Whatever appears in the entries must be given again exactly.

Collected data
╭──

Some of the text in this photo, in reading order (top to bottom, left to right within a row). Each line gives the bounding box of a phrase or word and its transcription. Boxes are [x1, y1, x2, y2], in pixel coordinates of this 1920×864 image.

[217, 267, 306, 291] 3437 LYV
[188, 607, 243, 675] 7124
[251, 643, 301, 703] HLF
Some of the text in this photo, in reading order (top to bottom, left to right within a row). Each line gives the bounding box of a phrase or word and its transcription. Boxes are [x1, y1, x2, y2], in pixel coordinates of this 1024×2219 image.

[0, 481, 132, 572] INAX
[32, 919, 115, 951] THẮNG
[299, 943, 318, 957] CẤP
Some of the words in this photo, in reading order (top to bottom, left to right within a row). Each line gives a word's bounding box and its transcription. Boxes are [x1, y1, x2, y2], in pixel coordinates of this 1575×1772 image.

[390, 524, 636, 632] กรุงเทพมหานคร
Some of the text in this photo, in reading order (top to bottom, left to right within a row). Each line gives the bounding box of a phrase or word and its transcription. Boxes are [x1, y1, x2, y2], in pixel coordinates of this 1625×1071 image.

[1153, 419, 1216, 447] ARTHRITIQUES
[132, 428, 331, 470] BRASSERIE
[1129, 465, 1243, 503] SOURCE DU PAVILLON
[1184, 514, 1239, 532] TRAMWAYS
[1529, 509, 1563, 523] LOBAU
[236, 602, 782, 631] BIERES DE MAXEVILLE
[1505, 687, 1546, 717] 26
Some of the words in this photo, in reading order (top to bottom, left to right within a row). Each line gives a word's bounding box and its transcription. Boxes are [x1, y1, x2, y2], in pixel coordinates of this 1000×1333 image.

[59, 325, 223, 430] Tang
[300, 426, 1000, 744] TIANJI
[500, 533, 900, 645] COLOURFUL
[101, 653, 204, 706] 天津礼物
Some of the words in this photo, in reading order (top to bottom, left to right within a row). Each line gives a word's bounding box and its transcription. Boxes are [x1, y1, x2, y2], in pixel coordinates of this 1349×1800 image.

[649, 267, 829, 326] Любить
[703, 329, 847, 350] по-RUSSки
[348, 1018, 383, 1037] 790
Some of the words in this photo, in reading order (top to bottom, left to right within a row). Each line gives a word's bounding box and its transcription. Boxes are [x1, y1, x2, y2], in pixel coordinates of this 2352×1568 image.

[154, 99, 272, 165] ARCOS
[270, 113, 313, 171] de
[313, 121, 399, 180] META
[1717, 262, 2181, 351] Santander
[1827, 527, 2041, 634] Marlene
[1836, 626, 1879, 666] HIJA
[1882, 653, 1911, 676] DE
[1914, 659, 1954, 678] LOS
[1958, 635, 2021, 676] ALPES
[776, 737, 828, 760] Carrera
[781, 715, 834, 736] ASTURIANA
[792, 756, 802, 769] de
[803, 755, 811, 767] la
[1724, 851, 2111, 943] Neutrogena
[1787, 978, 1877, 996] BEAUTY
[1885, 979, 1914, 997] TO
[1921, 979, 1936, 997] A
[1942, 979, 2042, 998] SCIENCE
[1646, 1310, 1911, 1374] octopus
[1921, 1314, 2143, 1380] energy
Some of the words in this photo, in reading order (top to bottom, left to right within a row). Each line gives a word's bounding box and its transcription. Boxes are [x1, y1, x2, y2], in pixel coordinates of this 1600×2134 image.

╰──

# Problem solution
Some of the text in this photo, in reading order (top to bottom, left to right within a row). Each line gives the bounding box of a phrase or word and its transcription. Boxes are [x1, y1, x2, y2], in pixel coordinates of this 1920×864 image.

[217, 267, 306, 291] 3437 LYV
[188, 607, 243, 675] 7124
[251, 643, 301, 703] HLF
Some of the text in this photo, in reading order (top to bottom, left to right within a row). Each line gives the bounding box of a phrase or word and its transcription. Boxes are [x1, y1, x2, y2], in pixel coordinates of this 1024×2219 image.

[0, 481, 132, 572] INAX
[32, 919, 115, 951] THẮNG
[299, 943, 318, 957] CẤP
Some of the words in this photo, in reading order (top to bottom, left to right within a row). Each line gives a word's bounding box and its transcription. Boxes are [x1, y1, x2, y2], in pixel coordinates of this 1575×1772 image.

[390, 524, 636, 632] กรุงเทพมหานคร
Some of the text in this photo, in reading order (top to bottom, left to right within a row). Each line gives the bounding box of a phrase or word and its transcription. Boxes are [x1, y1, x2, y2], in pixel coordinates of this 1625×1071 image.

[1153, 419, 1216, 447] ARTHRITIQUES
[132, 428, 331, 470] BRASSERIE
[1129, 465, 1243, 503] SOURCE DU PAVILLON
[1184, 514, 1239, 532] TRAMWAYS
[1529, 509, 1563, 523] LOBAU
[236, 602, 782, 631] BIERES DE MAXEVILLE
[1505, 687, 1546, 717] 26
Some of the words in this photo, in reading order (top to bottom, left to right within a row). Each line gives a word's bounding box and its transcription. Boxes are [x1, y1, x2, y2], in pixel coordinates of this 1000×1333 image.

[59, 325, 223, 430] Tang
[300, 426, 1000, 744] TIANJI
[500, 533, 900, 645] COLOURFUL
[101, 653, 204, 706] 天津礼物
Some of the words in this photo, in reading order (top to bottom, left to right within a row). Each line gives a word's bounding box and its transcription. Boxes are [x1, y1, x2, y2], in pixel coordinates of this 1349×1800 image.

[649, 267, 829, 326] Любить
[703, 329, 847, 350] по-RUSSки
[348, 1018, 383, 1037] 790
Some of the words in this photo, in reading order (top to bottom, left to right within a row). Each line gives a word's bounding box and its transcription. Boxes are [x1, y1, x2, y2], in pixel coordinates of this 2352×1568 image.

[154, 99, 272, 165] ARCOS
[270, 113, 313, 171] de
[313, 121, 399, 180] META
[1717, 262, 2181, 351] Santander
[1827, 527, 2041, 634] Marlene
[1836, 626, 1879, 666] HIJA
[1882, 653, 1911, 676] DE
[1914, 659, 1954, 678] LOS
[1958, 635, 2021, 676] ALPES
[776, 737, 828, 760] Carrera
[781, 715, 834, 736] ASTURIANA
[792, 756, 802, 769] de
[803, 755, 811, 767] la
[1724, 851, 2111, 943] Neutrogena
[1787, 978, 1877, 996] BEAUTY
[1885, 979, 1914, 997] TO
[1921, 979, 1936, 997] A
[1942, 979, 2042, 998] SCIENCE
[1646, 1310, 1911, 1374] octopus
[1921, 1314, 2143, 1380] energy
Some of the words in this photo, in reading order (top to bottom, left to right within a row). Each line gives a word's bounding box and its transcription. Boxes are [x1, y1, x2, y2], in pixel coordinates of this 1600×2134 image.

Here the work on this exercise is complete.